**Exercise description:** When you print the records below, keep every word exact and leave out the images.
◇ ◇ ◇ ◇ ◇
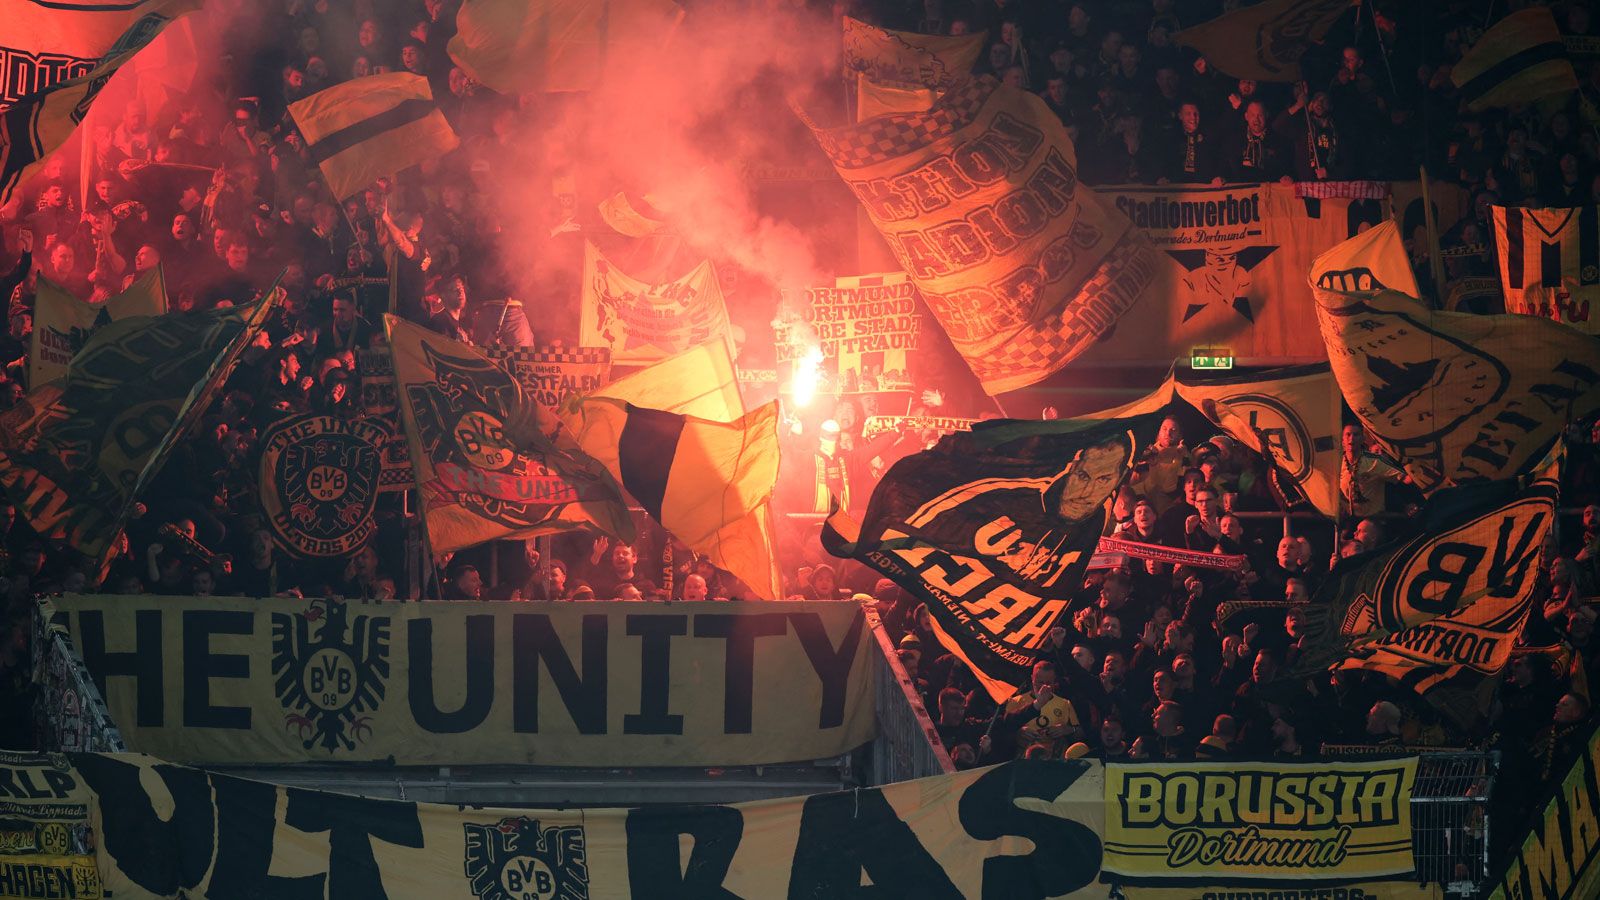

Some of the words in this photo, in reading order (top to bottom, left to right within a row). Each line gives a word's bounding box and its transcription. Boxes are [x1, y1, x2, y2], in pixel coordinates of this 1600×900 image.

[1116, 193, 1261, 229] Stadionverbot
[1195, 228, 1248, 244] Dortmund
[842, 334, 921, 354] TRAUM
[535, 366, 562, 375] IMMER
[517, 373, 602, 392] ESTFALEN
[267, 420, 316, 453] THE
[485, 452, 505, 465] 09
[310, 467, 345, 490] BVB
[445, 466, 504, 496] THE
[515, 478, 592, 500] UNITY
[319, 489, 333, 498] 09
[50, 610, 255, 730] HE
[407, 612, 866, 736] UNITY
[311, 655, 352, 694] BVB
[322, 693, 338, 706] 09
[1124, 769, 1401, 828] BORUSSIA
[45, 826, 67, 848] BVB
[1167, 825, 1352, 868] Dortmund
[506, 859, 552, 894] BVB
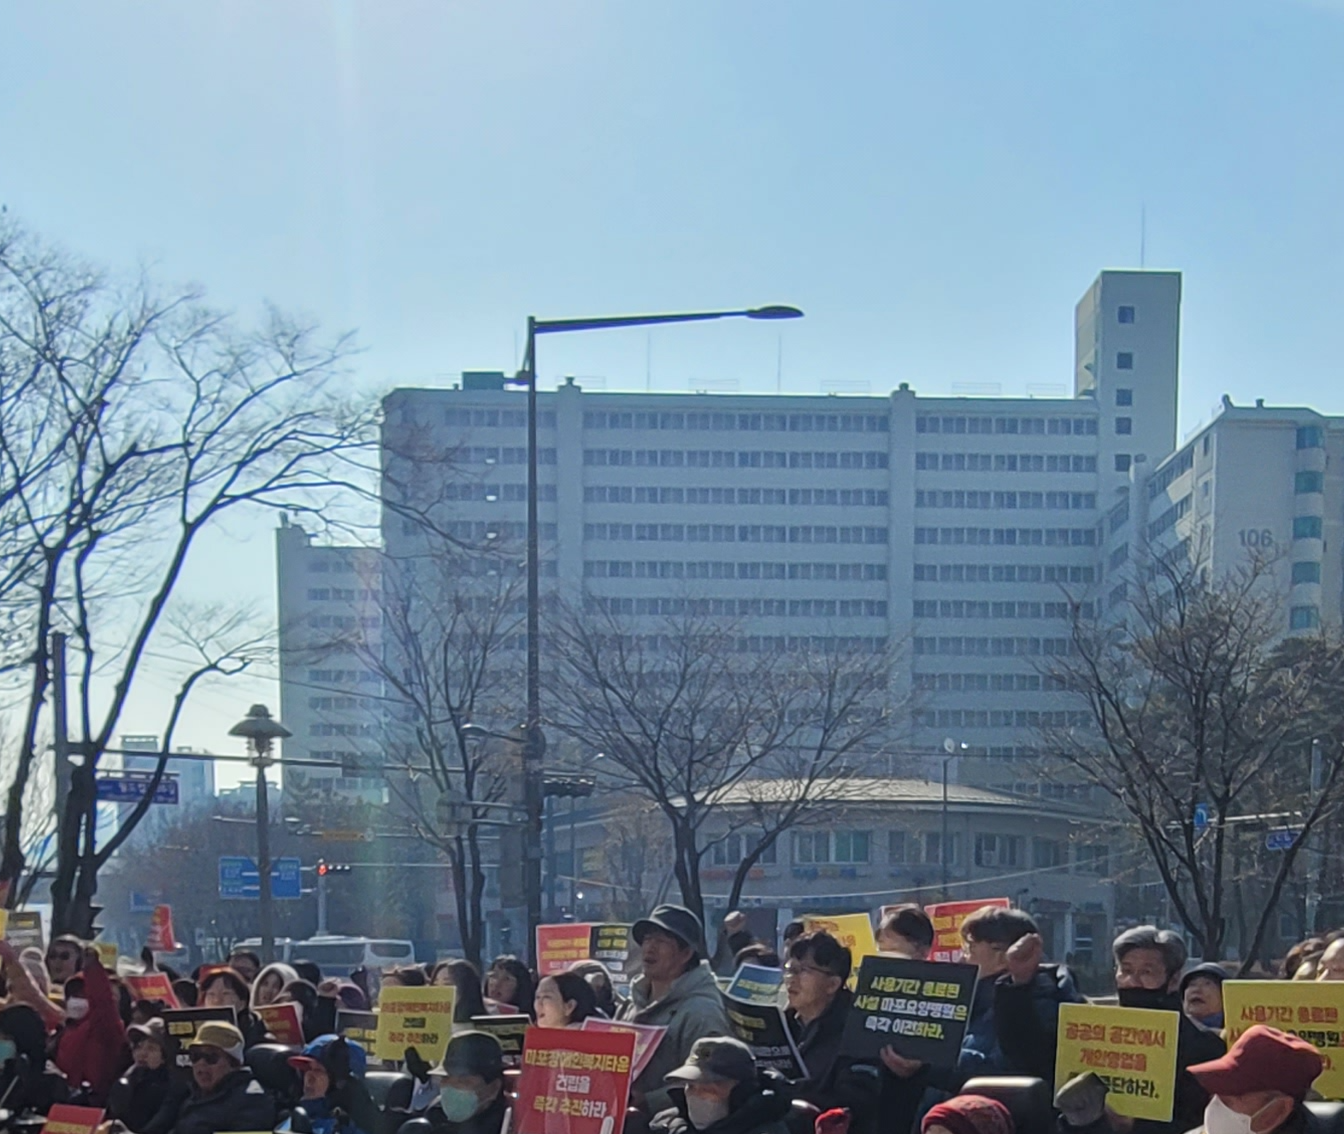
◇ ◇ ◇ ◇ ◇
**Expected answer:**
Some of the words in this photo, in reading order (top to bottom, left to right within a row). Each line gives a word's bounding box and its transcription. Boxes are [x1, y1, x2, y2], in pixel coordinates of this 1600×900 image.

[1116, 193, 1261, 229] Stadionverbot
[1195, 228, 1248, 244] Dortmund
[842, 334, 921, 354] TRAUM
[535, 366, 562, 375] IMMER
[517, 373, 602, 392] ESTFALEN
[267, 420, 316, 453] THE
[485, 452, 505, 465] 09
[310, 467, 345, 490] BVB
[445, 466, 504, 496] THE
[515, 478, 592, 500] UNITY
[319, 489, 333, 498] 09
[50, 610, 255, 730] HE
[407, 612, 866, 736] UNITY
[311, 655, 352, 694] BVB
[322, 693, 338, 706] 09
[1124, 769, 1401, 828] BORUSSIA
[45, 826, 67, 848] BVB
[1167, 825, 1352, 868] Dortmund
[506, 859, 552, 894] BVB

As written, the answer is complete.